Break Free from the Mold
Most of us spend the first half of life chasing mastery through linear career pathing, building a recognizable brand, and aiming for peak market value. This works well for lots of folks, such as private practice surgeons. But for the rest of us—changemakers, creators and entrepreneurs, I’m especially talking to you—this path can turn into a cage.
Once we’re known for one thing, we might start to worry:
If I shift gears, will I confuse people?
If I veer from my known area of expertise, will I lose people?
Will doors be eternally shut if I try something new but later decide to turn back?
These aren’t entirely bad questions, but if the fears underlying them don’t get addressed they have the power to dim your light.
Picture for example a nutritionist who’s known and established as a healthy-eating guide for working moms.
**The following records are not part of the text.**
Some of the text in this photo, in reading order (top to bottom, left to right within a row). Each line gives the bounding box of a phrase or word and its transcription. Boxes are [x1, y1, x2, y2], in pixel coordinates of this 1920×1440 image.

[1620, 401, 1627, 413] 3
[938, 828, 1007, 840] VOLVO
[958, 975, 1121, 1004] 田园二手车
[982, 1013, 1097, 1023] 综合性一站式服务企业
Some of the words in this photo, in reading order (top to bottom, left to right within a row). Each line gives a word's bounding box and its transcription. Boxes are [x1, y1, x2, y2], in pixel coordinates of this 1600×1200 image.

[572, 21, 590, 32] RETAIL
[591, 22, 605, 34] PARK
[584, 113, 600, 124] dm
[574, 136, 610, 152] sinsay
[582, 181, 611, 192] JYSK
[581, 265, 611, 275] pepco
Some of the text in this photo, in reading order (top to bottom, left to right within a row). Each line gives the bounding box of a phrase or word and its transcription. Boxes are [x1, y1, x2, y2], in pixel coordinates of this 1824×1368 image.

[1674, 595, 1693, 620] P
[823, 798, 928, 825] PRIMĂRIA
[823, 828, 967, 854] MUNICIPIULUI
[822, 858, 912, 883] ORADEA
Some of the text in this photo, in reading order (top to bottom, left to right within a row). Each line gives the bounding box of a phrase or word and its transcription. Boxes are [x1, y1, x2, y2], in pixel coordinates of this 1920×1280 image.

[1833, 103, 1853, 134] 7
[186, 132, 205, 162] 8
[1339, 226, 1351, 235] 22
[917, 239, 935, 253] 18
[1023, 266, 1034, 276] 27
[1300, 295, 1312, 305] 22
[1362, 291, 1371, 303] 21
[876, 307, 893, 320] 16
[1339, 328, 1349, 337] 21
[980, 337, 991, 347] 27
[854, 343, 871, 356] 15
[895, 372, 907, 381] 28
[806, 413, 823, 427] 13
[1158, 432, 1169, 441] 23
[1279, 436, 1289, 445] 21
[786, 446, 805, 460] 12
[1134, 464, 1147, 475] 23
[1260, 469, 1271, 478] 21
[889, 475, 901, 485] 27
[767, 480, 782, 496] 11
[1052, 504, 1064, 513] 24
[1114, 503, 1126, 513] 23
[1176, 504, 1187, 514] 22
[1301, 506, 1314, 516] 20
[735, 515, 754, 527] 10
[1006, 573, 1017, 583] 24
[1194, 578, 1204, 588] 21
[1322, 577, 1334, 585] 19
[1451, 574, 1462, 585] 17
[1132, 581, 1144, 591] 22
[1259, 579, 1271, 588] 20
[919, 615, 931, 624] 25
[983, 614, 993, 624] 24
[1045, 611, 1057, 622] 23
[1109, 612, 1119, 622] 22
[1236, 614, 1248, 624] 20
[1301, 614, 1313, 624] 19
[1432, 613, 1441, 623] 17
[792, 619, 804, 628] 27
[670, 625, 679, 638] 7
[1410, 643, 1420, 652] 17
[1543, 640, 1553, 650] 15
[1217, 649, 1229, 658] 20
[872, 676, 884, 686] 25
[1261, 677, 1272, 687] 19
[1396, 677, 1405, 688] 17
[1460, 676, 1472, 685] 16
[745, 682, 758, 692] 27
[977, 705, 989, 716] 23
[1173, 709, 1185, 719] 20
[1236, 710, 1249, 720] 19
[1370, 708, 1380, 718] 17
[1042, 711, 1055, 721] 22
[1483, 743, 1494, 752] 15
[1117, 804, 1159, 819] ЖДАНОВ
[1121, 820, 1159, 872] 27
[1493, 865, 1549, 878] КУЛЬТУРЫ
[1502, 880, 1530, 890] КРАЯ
What should she do when a deep love she’s always had for travel and adventure starts whispering to her again: turn away? Play small? Stick to salads? Or follow the call?
Elizabeth Gilbert faced this at Eat Pray Love's peak. Branded forever as the "chick lit" memoirist, she could have stayed siloed. Instead, she refused to let this brand perception hem her in:
“I’m still going to continue to write the books that I’m called to write… speak about the questions that ignite and illuminate my existence within myself and the world… serve the community who has gathered around me.”
Notice how she doesn’t defend her brand; she transcends it. She’s not just a “memoirist,” she is more broadly a guide toward living with creativity, longing, and truth—wherever they may lead. Her work consistently circles the question of how to trust one’s inner life while navigating loss, love, purpose, and self-expression.
The Freedom of a Thematic Anchor
If you’re feeling constrained by niche-branding (like "health coach for working moms”), try widening your aperture and considering what is your unique lens or worldview that has the potential to magnetize folks to you, regardless of format or audience demographic.
Grab your journal and spend a few minutes with these prompts:
I help people make sense of…
My lens on the world often looks like…
The ideas I keep turning to are…
The transformation(s) I guide again and again are…
There comes a time in our careers when we are ready to break free from the silos and start owning the wider scope of who we are. This is when the resonance people will feel around your presence is what pulls them in, and has them seek you out again.
If this seems too “woo woo” at first, just look to Liz for proof: when we set ourselves free to embody what lights us up, it creates a recognizable frequency that others feel invited into.